COLLATZ CONJECTURE REVISITED
A few students who had been absent wanted to see the progress made on the sequence of Hailstone Numbers (those formed by the Collatz conjecture sequence – halve it if even, 3n+1 if odd). Our group – particularly M – has been working on the total stopping time if you start with 888. So calculations on that continued. They were up to a total stopping time of 64 (64 moves/calculations!) by the time class ended – see the awesome photo of their work on this so far.
THE MATHEMATICS OF ORIGAMI
We had 10 minutes left in math circle for this school year. I wanted the kids to leave this course with an awareness that the realm of mathematics goes way beyond number theory and graph theory. Those two areas have been the most visited in our course. So I offered them a chance to try an unsolved problem from the mathematics of origami (paper folding), which delves into graph theory (again!), combinatorics, and geometry (finally!). While origami is considered an art, it has applications in engineering, materials science, biology, and more.
I asked an unsolved problem that Thomas Hull first posed in a 1994. Gordon Hamilton explains it this way: “Given creases on a piece of paper, how many ways can you fold it flat?” (See Hamilton’s video “Fold it Flat” for a demonstration.**) The section of Hull’s paper that deals with this is called “Problems with Extending Globally.” In other words, we can crease a paper this way, and have x many ways of folding it flat. We can crease the paper that way and have y ways of folding it flat. And so on. But what’s the rule that applies to all ways of creasing? We’d like to be able to say that no matter how you crease it, there is a way to predict how many ways of folding it there are.
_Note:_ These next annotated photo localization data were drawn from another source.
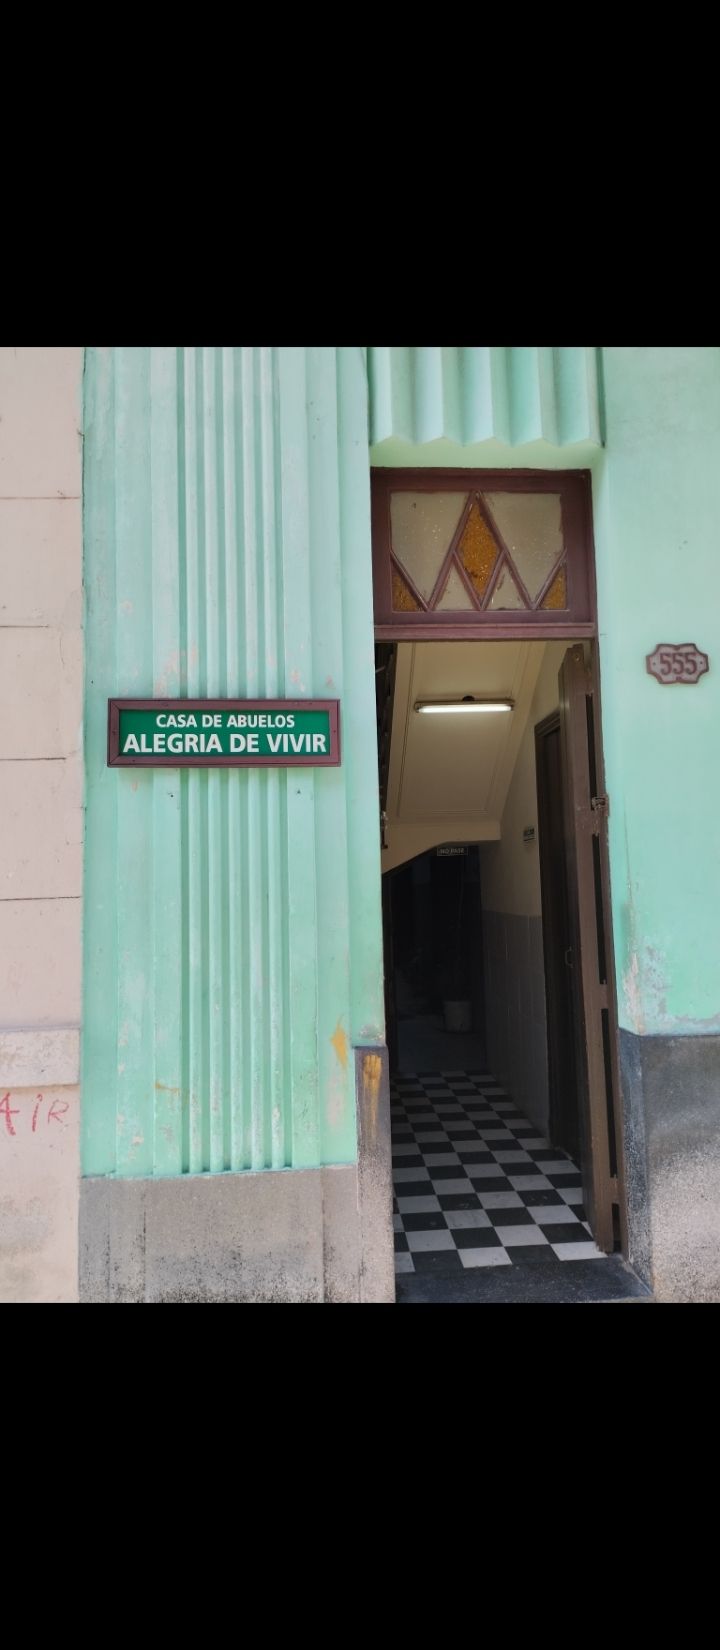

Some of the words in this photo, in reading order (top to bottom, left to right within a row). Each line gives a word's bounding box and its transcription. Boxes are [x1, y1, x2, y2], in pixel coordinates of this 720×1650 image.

[660, 652, 697, 675] 555
[156, 714, 198, 728] CASA
[201, 714, 222, 728] DE
[226, 714, 295, 728] ABUELOS
[122, 733, 223, 753] ALEGRIA
[229, 733, 259, 753] DE
[266, 733, 327, 753] VIVIR
I let the kids choose whether to work on Collatz or origami. Two chose origami, the rest Collatz. As they worked, I worked with them to recap the unanswered problems we’ve done to be sure they each had something to think about over the summer, if they want to.
Thank you for sharing your kids with me during these wonderful 6 weeks. This math circle has been unusual for me in that we worked on so many different problems, instead of stretching one out for 6 weeks. I wanted to give kids opportunities to dwell on them at home, in bed, late at night. Different problems capture different people’s fancies. Ask your kids which problems intrigued them the most. For me, it has been the No Three in a Line problem. (This one seemed to interest the kids the least. Oh well.) I did that one in a math circle with 5-6 year olds years ago, and it didn’t catch my fancy then. Now it has.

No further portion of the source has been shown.